RootsbeforeBranches 13-07-2012 11:54 PM

I have had the day from hell - got a new blade and I just want to use it

sapphire hearts 14-07-2012 04:13 AM

*hugs everyone* sorry everyone seems to be struggling so much atm

Roots - I know how tempting it is, but please don't use it, it won't help in the long run *hugs*

So tired of this. Flashbacks almost non-stop.
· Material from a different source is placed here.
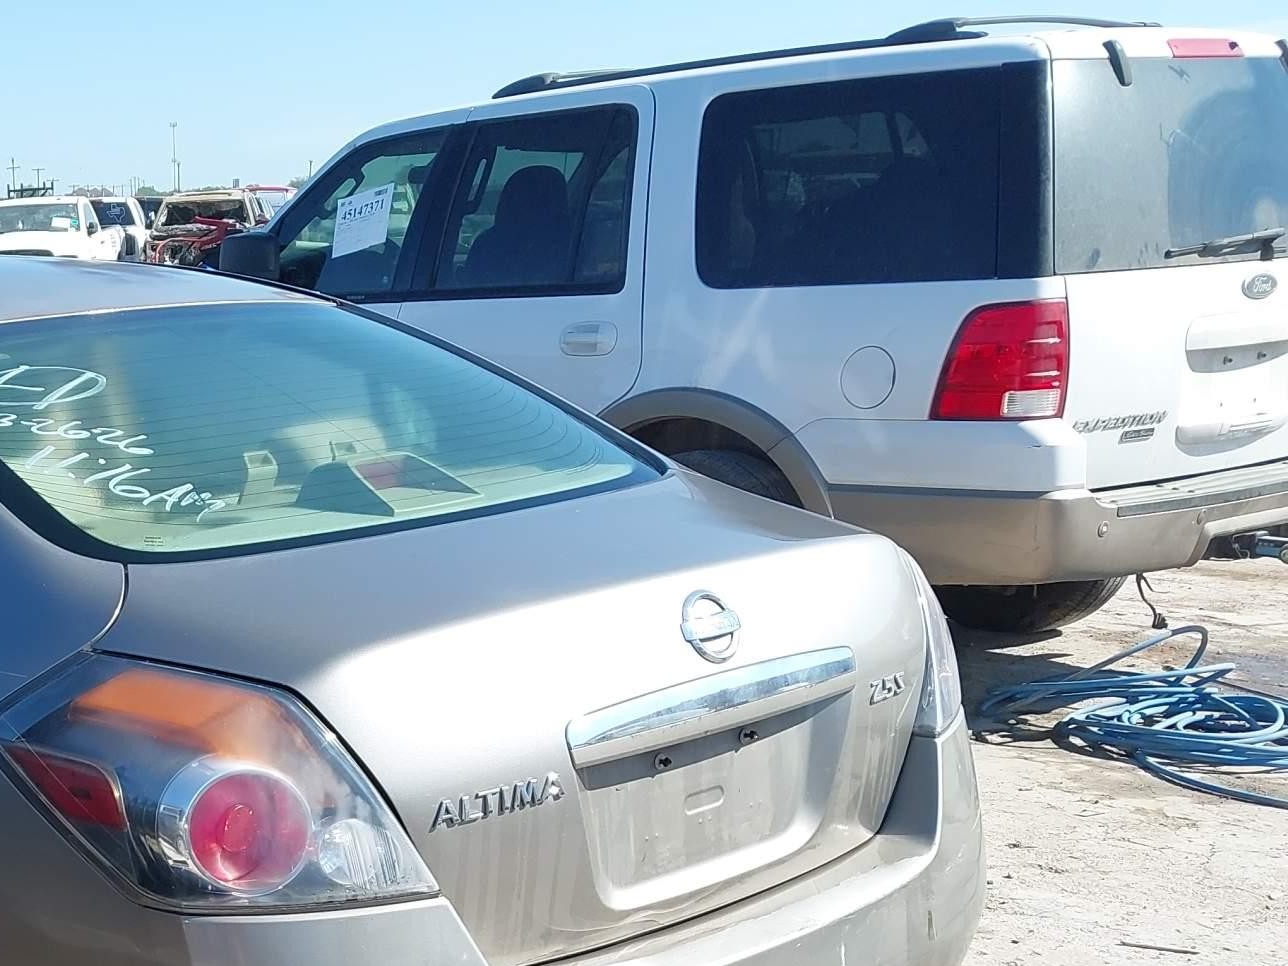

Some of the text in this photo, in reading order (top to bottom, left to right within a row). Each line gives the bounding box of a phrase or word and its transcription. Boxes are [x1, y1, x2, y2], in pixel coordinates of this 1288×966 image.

Who can function like this?

m0nk 14-07-2012 06:10 AM

ok so i went and cut myself again. ****ing thoughts are too much. ppl stressing me out. thoughts that arent mine are in my vicinity and is bothering me.

Don't let my smile fool you,
It's only a diguise.
My life is like lightning,
and rained filled skies.

Don't let my laugh fool you,
I just am scared to tell the truth.
Don't assume my life is perfect,
Until you have your proof.

Don't let my expression fool you,
I just can't show you how I feel.
My heart has always been broken,
And I doubt it will ever heal.

Don't let my easygoing spirit fool you,
Don't think that I won't care.
Because when I need you the most,
I'm expecting you to be there.

happiness...its all a lie 14-07-2012 08:44 AM

I cant deal with this **** anymore. I keep thinking about him and it makes me sad. It makes me mad. I cant cope with the money. I dont knwo i cant do this. I have a brand new blade just waiting sat there waiting for me.

Doikers 14-07-2012 11:50 AM

*Huggles Faye* Can you throw the blade away , Please be careful hun .

Laura2.0 14-07-2012 02:48 PM

*hugs Faye* here if you want to talk. Can you get rid of your blade?

*hugs Mark* how are you today?

I've had a first aid course today and it was really informative. I'm still tired and dizzy, because I had to take calming medication yesterday evening/night twice and being dizzy the next day seems to be a side effect.

happiness...its all a lie 14-07-2012 02:56 PM

*snuggles mark* i cant get rid of the blade. I havent cut i just need it for comfort for now ill try to put it away later

sapphire hearts 14-07-2012 04:11 PM

*hugs faye* it's ok honey, just try not to use it okay? please keep yourself safe - if you can't, could you go and be somewhere around other people where you can't hurt cut?

*hugs Laura* apart from the side effects, how you doing honey?

happiness...its all a lie 14-07-2012 04:29 PM

Nope all my friends are out well the 2 that i have near me, my bro has gone and my mums at work til later. I feel rubbish i want to do damage. Im trying not to. I distracted myself as much as possible but im running out of ideas.

Hope your feeling better laura *hugs*

How are you katie? x

sapphire hearts 14-07-2012 04:42 PM

bath? or go for a run? don't know what the weather's like for you, but in Scotland *whispers* it's actually sunny! (if you don't whisper the sun might hear you and leave, lol) i used to find knitting really soothing when i wanted to harm, because it's cathartic and keeps your hands busy while you watch tv or something :)

I'm... as always. doesn't matter much.

happiness...its all a lie 14-07-2012 04:53 PM

I just had a shower but due to my leg(its broken) cant run or drive or anything. Its raining here. The cat is sat with me which is nice and i just dont know im online doing things but i just dont know how much more i can take.

Do you want to talk?

sapphire hearts 14-07-2012 04:58 PM

Nah, it's nothing important. so sick of how whiny I get on here, lol, so resolution to stop boring people with my sh*t and save it for R&V or journal.

Sorry to hear about your leg :( that sucks. do you bake? I always like baking, plus yummy cookies after! Glad your cat is sitting with you - good kitty * won't stroke - allergies - but waves at kitty* Are there online games you play? Or maybe write a story or poem about how you're feeling?

Laura2.0 14-07-2012 05:43 PM

*hugs faye*
*hugs Katie*

I feel fat, I ate too much today but my mom is a good cook so I couldn't resist and ate until there wasn't much left. Excited to go watch a movie with a friend later. The new spiderman movie.